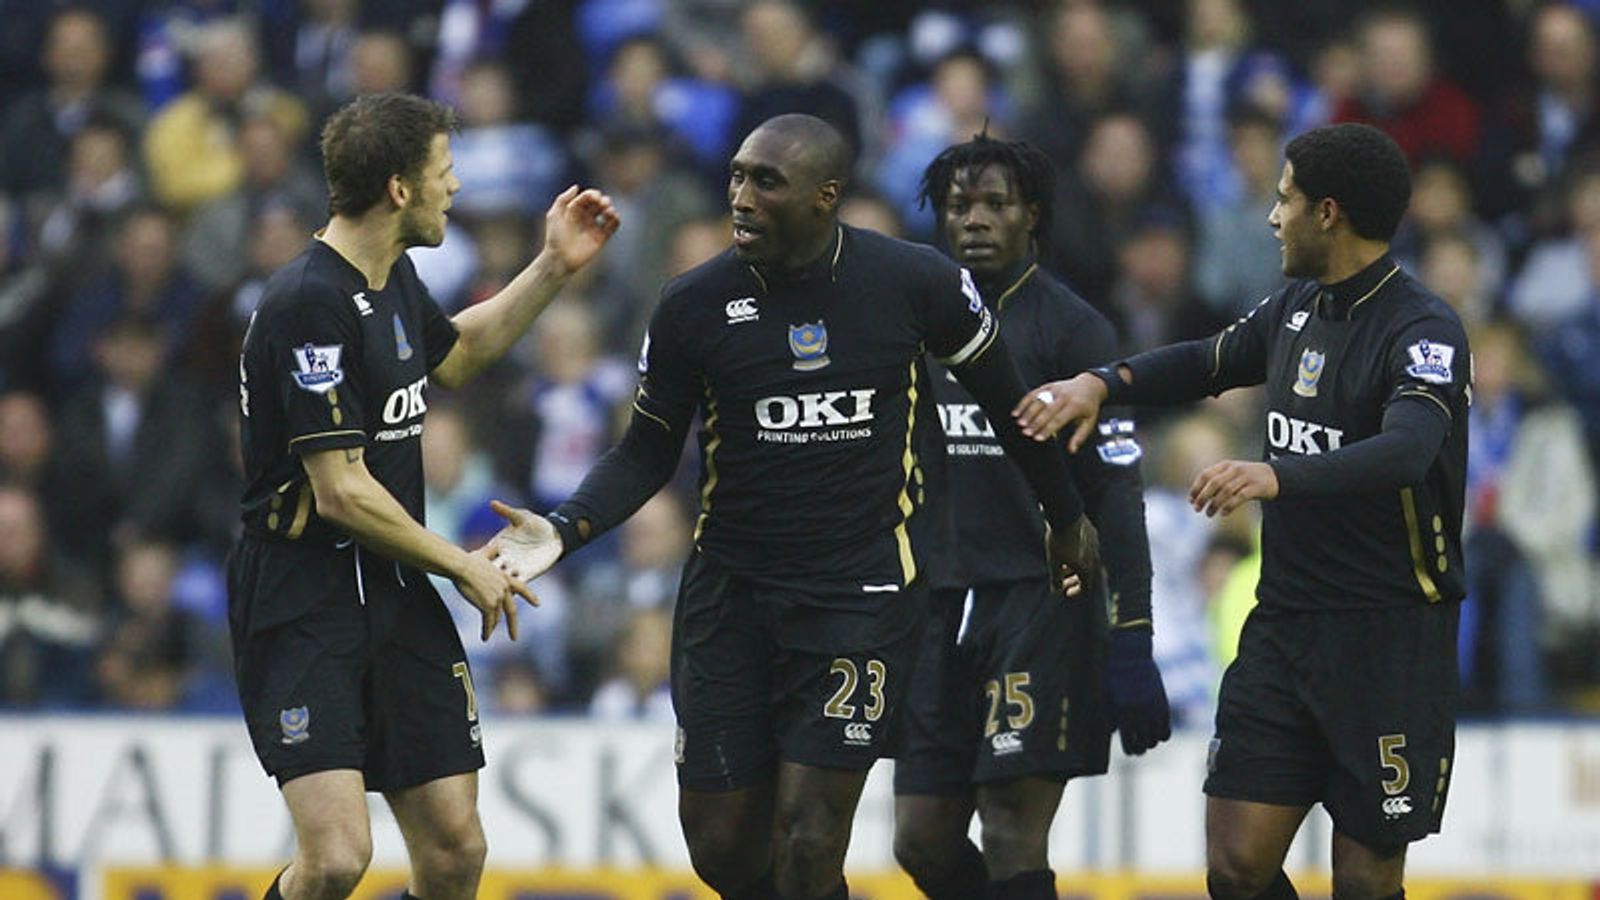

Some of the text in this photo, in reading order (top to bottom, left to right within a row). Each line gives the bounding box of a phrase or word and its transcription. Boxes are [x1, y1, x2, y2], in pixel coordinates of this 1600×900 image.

[383, 376, 427, 424] OK
[755, 388, 876, 429] OKI
[1268, 411, 1343, 455] OKI
[824, 658, 886, 721] 23
[984, 672, 1034, 738] 25
[1378, 734, 1410, 795] 5
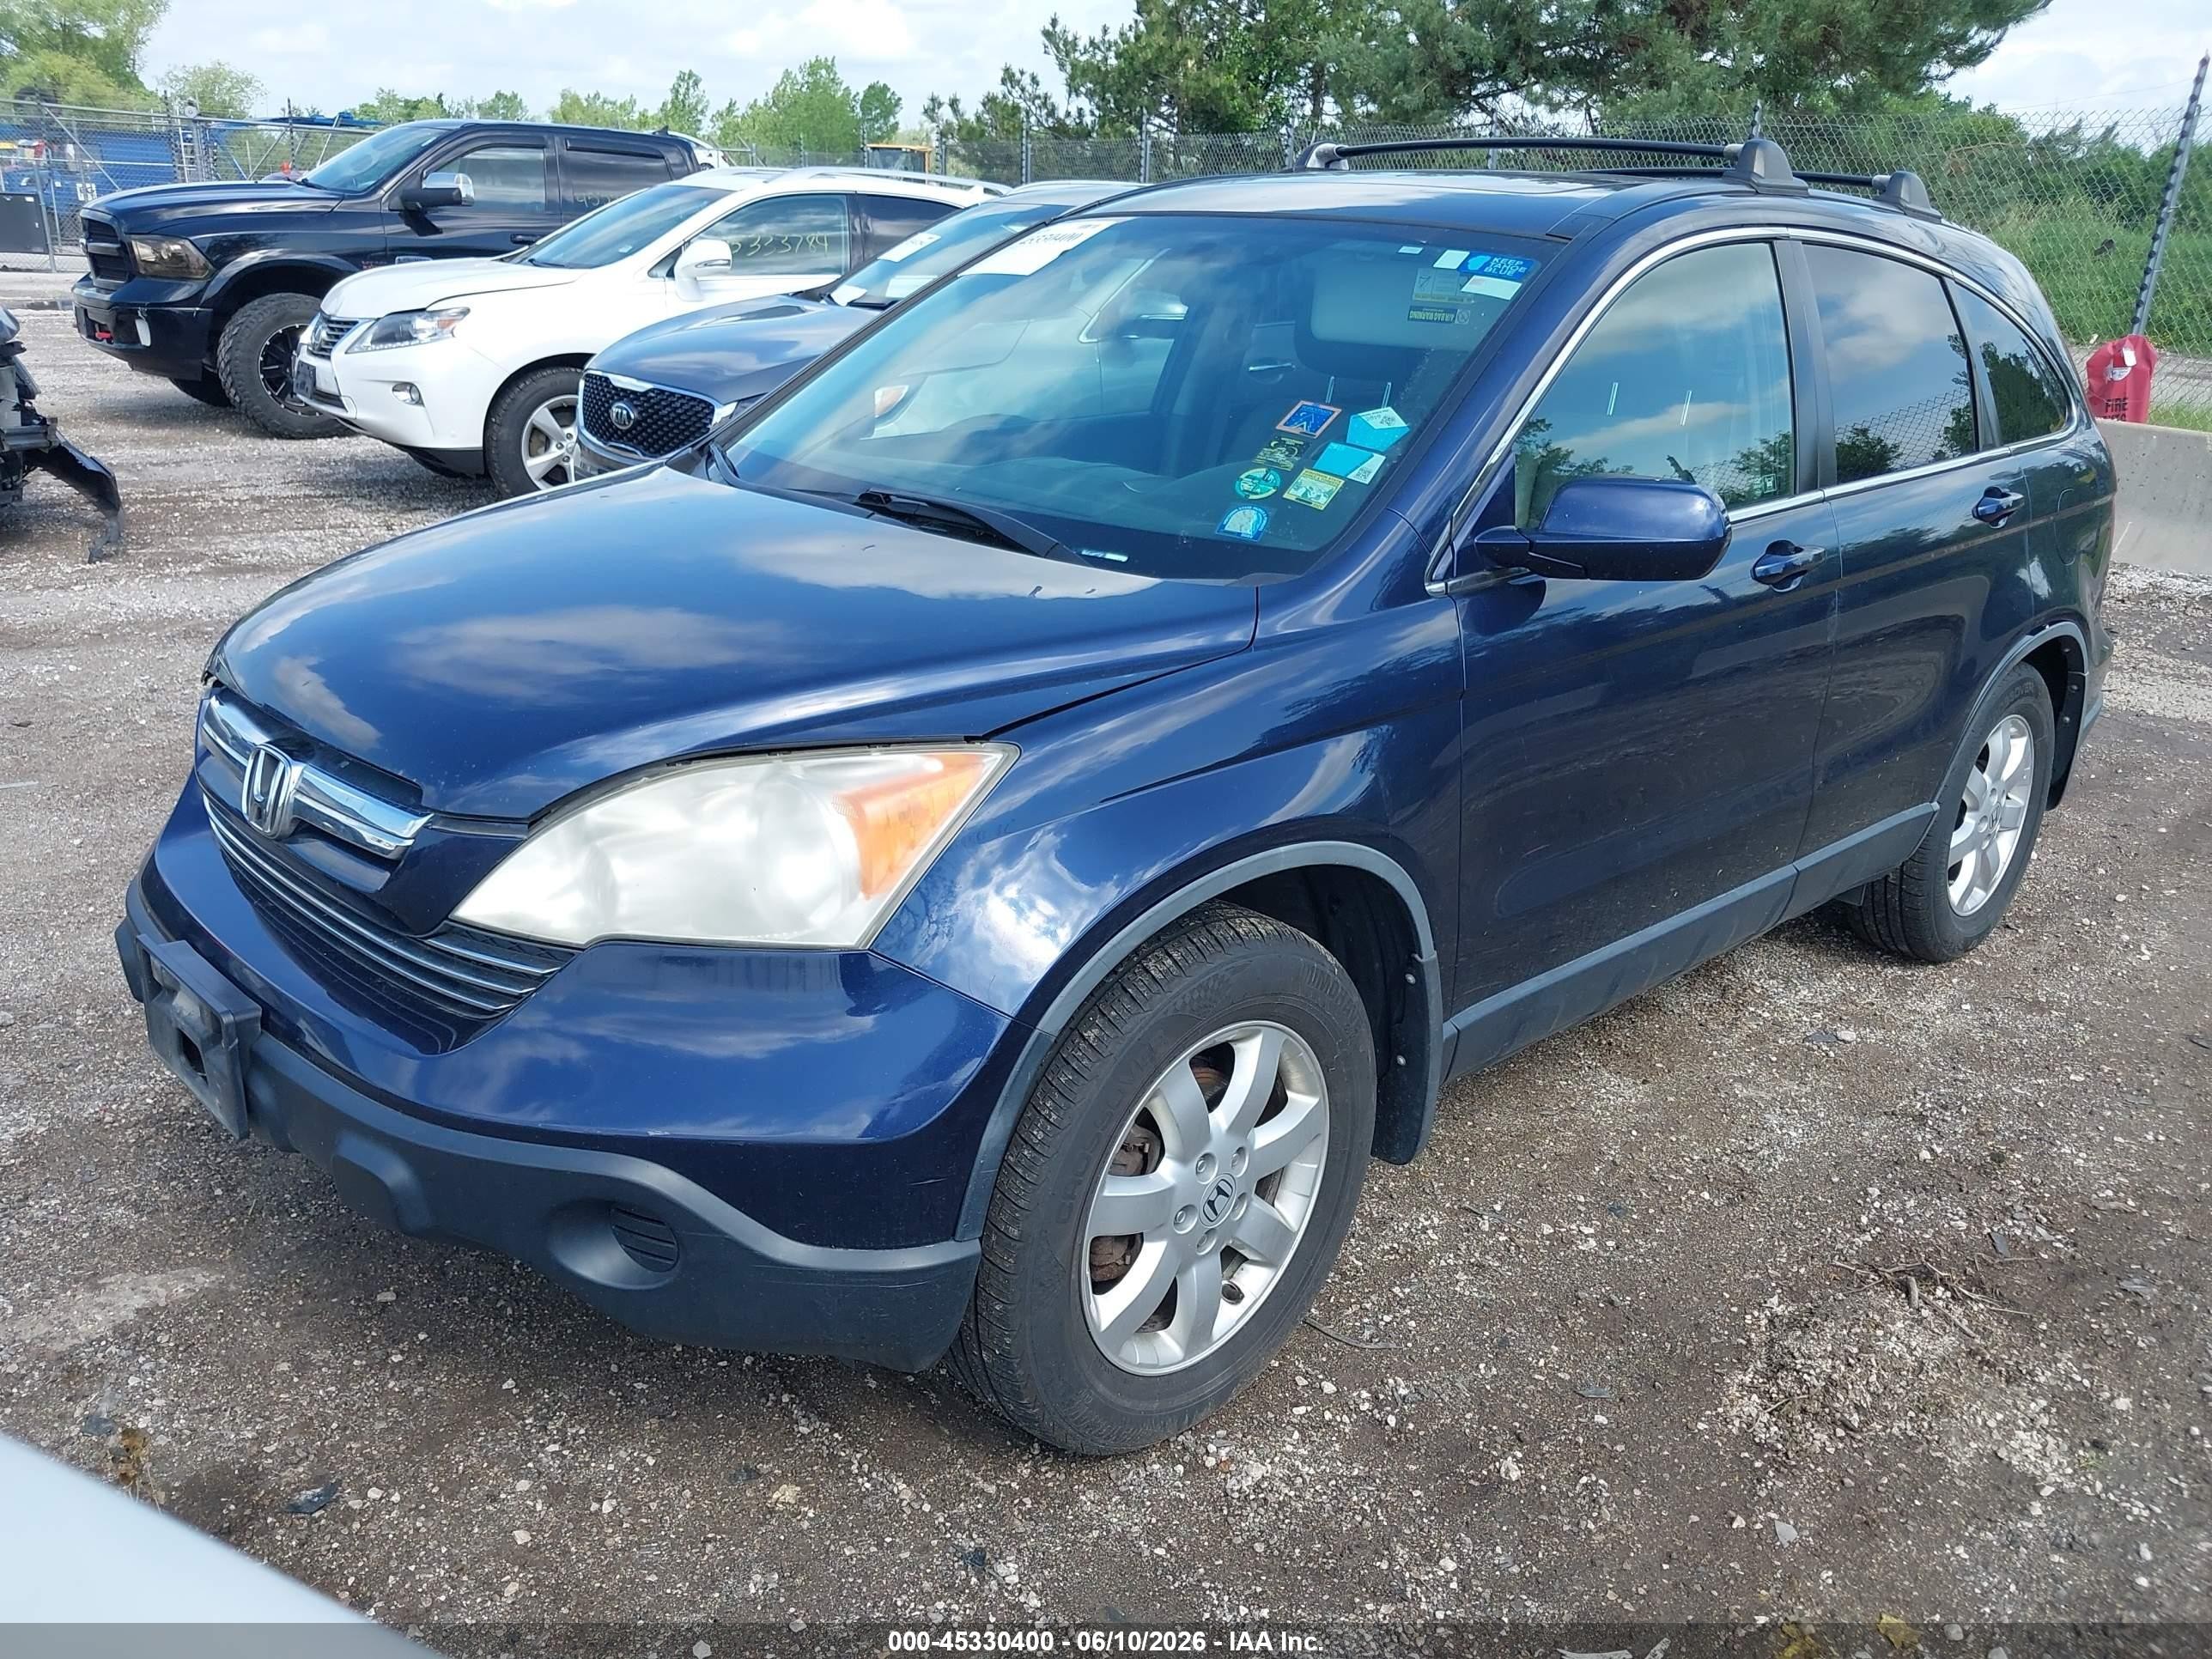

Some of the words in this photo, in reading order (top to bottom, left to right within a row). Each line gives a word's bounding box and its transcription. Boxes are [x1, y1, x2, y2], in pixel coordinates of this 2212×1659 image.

[1488, 261, 1528, 273] TAHOE
[1492, 257, 1524, 265] KEEP
[1483, 266, 1516, 276] BLUE
[2105, 398, 2128, 413] FIRE
[612, 408, 629, 425] KIA
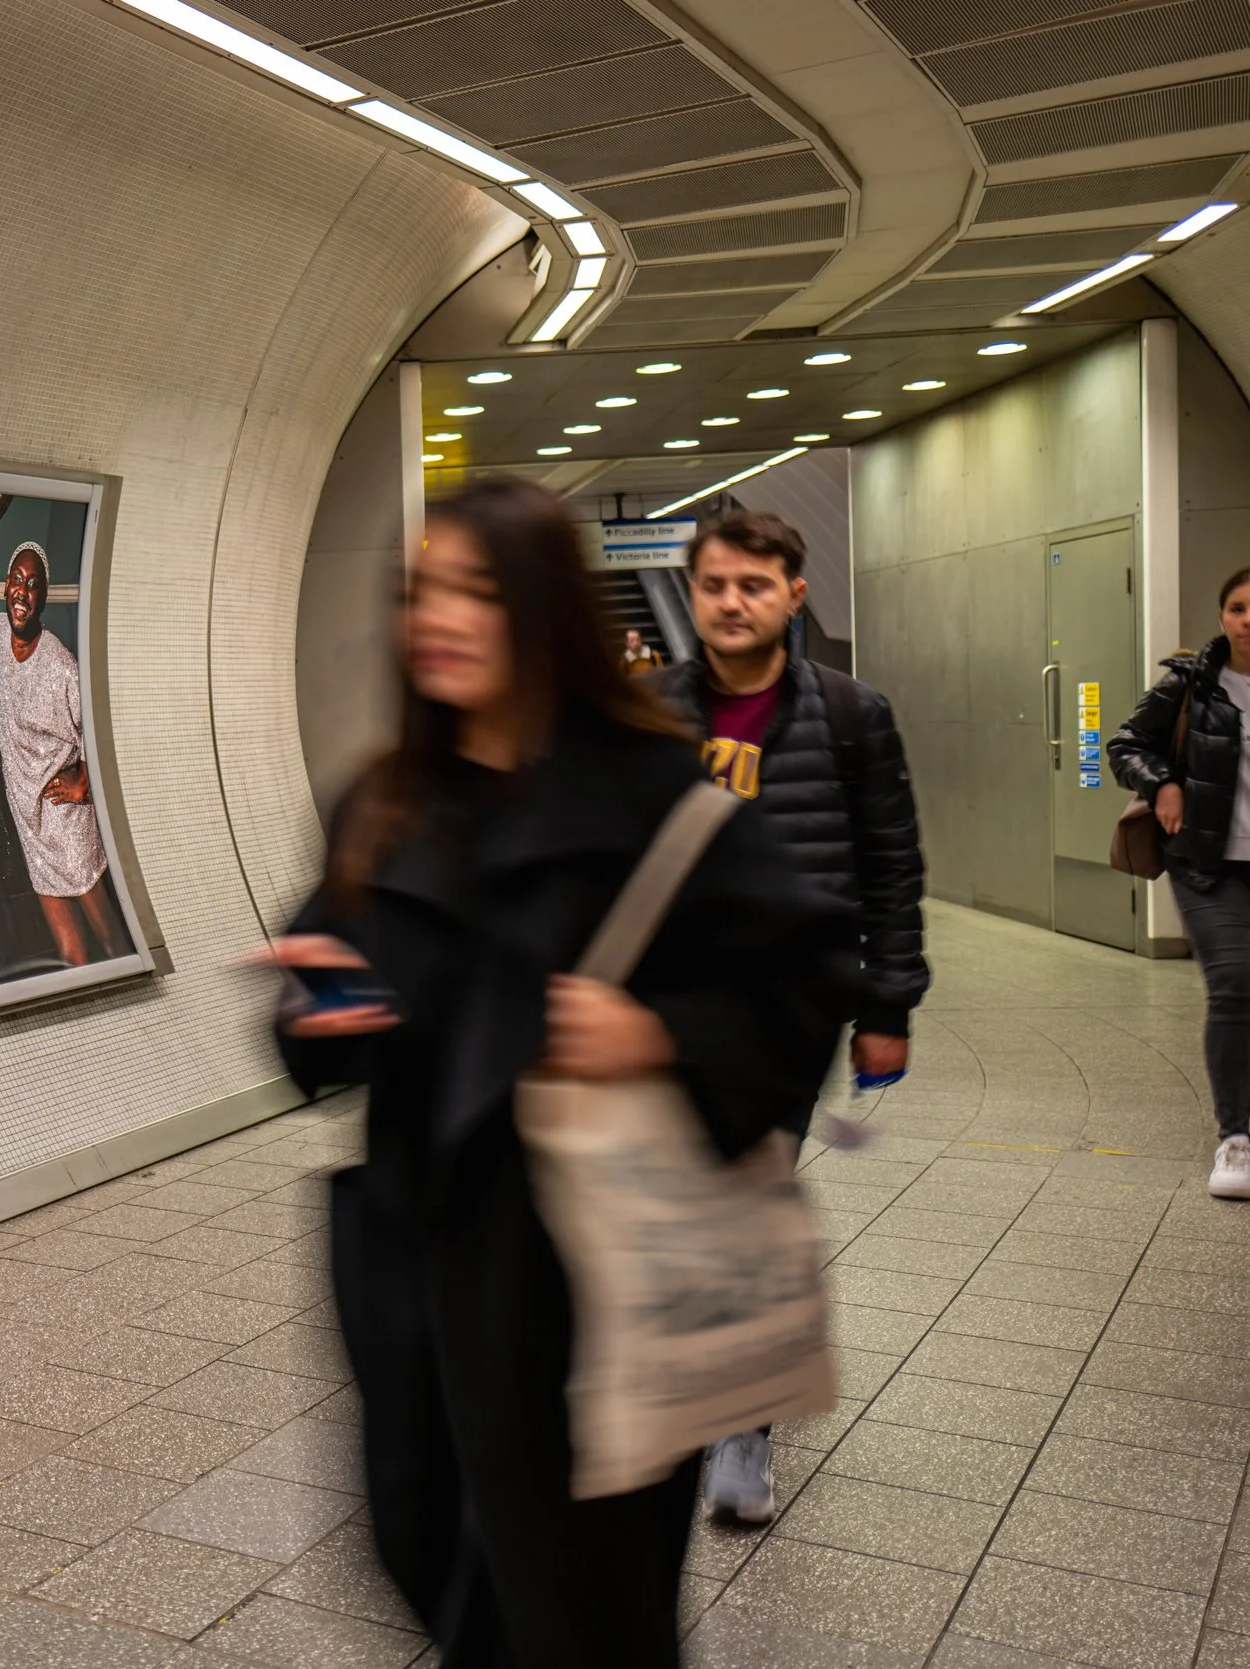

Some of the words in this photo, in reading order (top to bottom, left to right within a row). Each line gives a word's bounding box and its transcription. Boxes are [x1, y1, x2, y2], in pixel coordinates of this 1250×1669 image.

[614, 527, 656, 538] Piccadilly
[658, 526, 675, 535] line
[616, 551, 651, 561] Victoria
[653, 551, 669, 560] line

----------

Restate every record exactly, please; do not copy the pictures.

Some of the text in this photo, in reading order (top to bottom, left to right within a row). Each line gives the bounding box of a phrase or word and its transcription. Boxes are [x1, y1, x2, y2], in pixel coordinates of this 1600×900 image.

[383, 376, 427, 424] OK
[755, 388, 876, 429] OKI
[1268, 411, 1343, 455] OKI
[824, 658, 886, 721] 23
[984, 672, 1034, 738] 25
[1378, 734, 1410, 795] 5

Some of the words in this photo, in reading order (top to bottom, left to right within a row). Each line gives a word's bounding box and its transcription. Boxes are [x1, y1, x2, y2], in pixel coordinates of this 2212×1659 image.

[1488, 261, 1528, 273] TAHOE
[1492, 257, 1524, 265] KEEP
[1483, 266, 1516, 276] BLUE
[2105, 398, 2128, 413] FIRE
[612, 408, 629, 425] KIA

Some of the words in this photo, in reading order (top to bottom, left to right within a row). Each line gives a word's bounding box and its transcription. Boxes are [x1, y1, x2, y2], in pixel coordinates of this 1250×1669 image.

[614, 527, 656, 538] Piccadilly
[658, 526, 675, 535] line
[616, 551, 651, 561] Victoria
[653, 551, 669, 560] line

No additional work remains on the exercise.